Upon the occurrence of an Event of Default, the non-defaulting Party
shall have the right to terminate this Agreement upon written notice to the
other Party. If this Agreement is terminated pursuant to this Section, the
defaulting Party nevertheless shall remain liable for all damages which may be
due or sustained by the non-defaulting Party, including, but not limited to,
reasonable attorneys' fees, costs and expenses incurred by the non-defaulting
Party in pursuit of its remedies hereunder.
6. MISCELLANEOUS PROVISIONS.
a. Applicable Law. All matters pertaining to the validity, performance,
construction or effect of this Agreement, and the legal relations between the
Parties, shall be governed by and construed in accordance with the laws of the
State of Utah applicable to agreements made and wholly to be performed in said
State without regard to principles of conflicts of law. Any disputes arising
under this Agreement or the transactions contemplated hereunder shall be
resolved in the state and federal courts residing in Salt Lake City, Salt Lake
County, Utah.
b. Entire Agreement. This Agreement constitutes the entire agreement and
understanding of the Parties with respect to the subject matter hereof, and
supersedes all prior agreements, arrangements and understandings related to the
subject matter hereof. No representation, promise, inducement or statement of
intention has been made by either of the Parties that is not embodied in this
Agreement, and neither of the Parties shall be bound by or be liable for any
alleged representation, promise, inducement or statement of intention that is
not specifically set forth in or referred to herein.
c. No Joint Venture. TGCC and Customer are independent contractors. No
agency, partnership, joint venture or employee-employer relationship is intended
or created by this Agreement, and neither party shall hold itself out in a
manner that would indicate any such relationship exists in any matter, including
but not limited to, advertising.
d.
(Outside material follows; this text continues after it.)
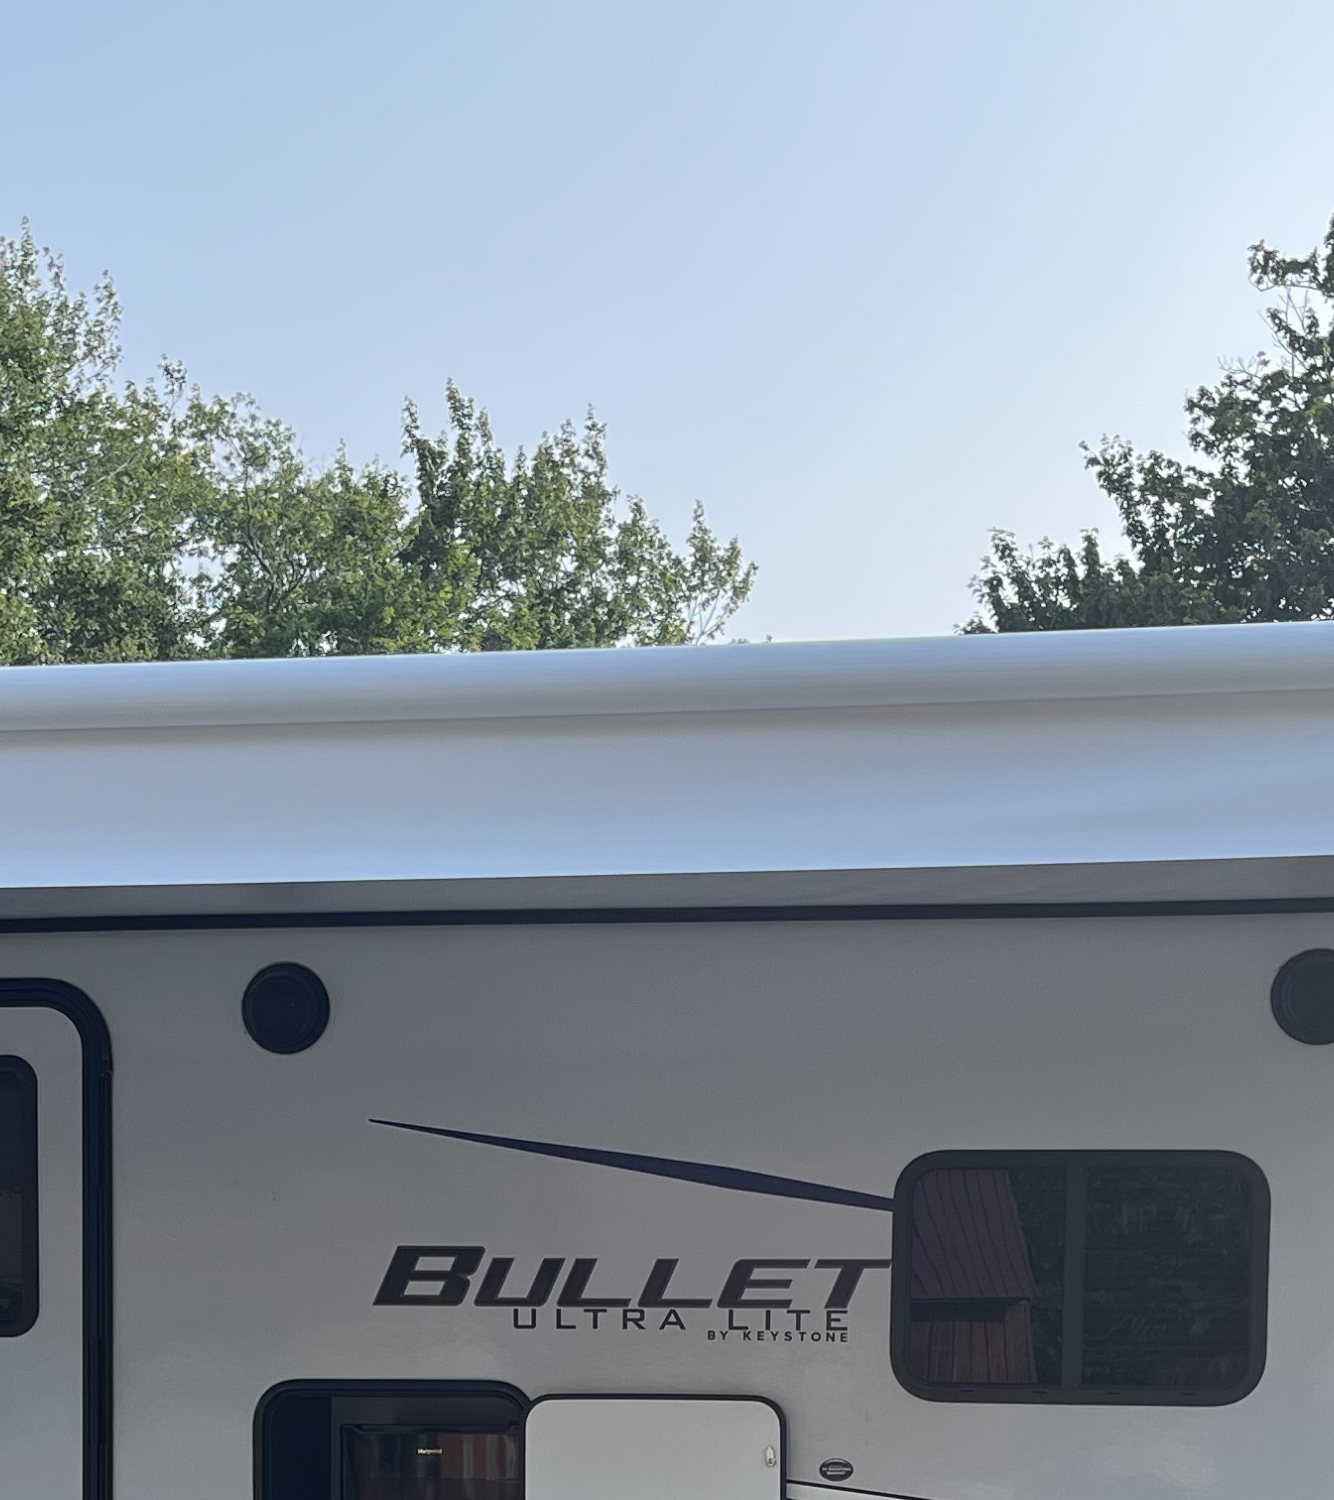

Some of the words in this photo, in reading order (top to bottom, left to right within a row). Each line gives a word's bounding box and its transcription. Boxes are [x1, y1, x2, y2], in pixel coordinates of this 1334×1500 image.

Notice. Any notice or other communication required or permitted to be
given hereunder shall be effective upon receipt by the intended recipient at the
address indicated in the introductory paragraph above (or such other address as
either Party shall provide to the other Party by one of the means set forth
hereinbelow). Receipt shall be deemed to have occurred upon the earlier of (a)
the date of actual receipt by the intended Party by registered mail, (b) five
(5) days after such notice is deposited in the United States mail, certified or
registered, postage prepaid and properly addressed, (c) the date such notice is
sent to the other Party by telecopy (with receipt confirmation), provided such
notice is promptly provided to the other Party by United States mail, certified
or registered, postage prepaid and properly addressed, or (d) one (1) business
day after such notice is deposited with a recognized overnight courier service
with instructions for overnight delivery.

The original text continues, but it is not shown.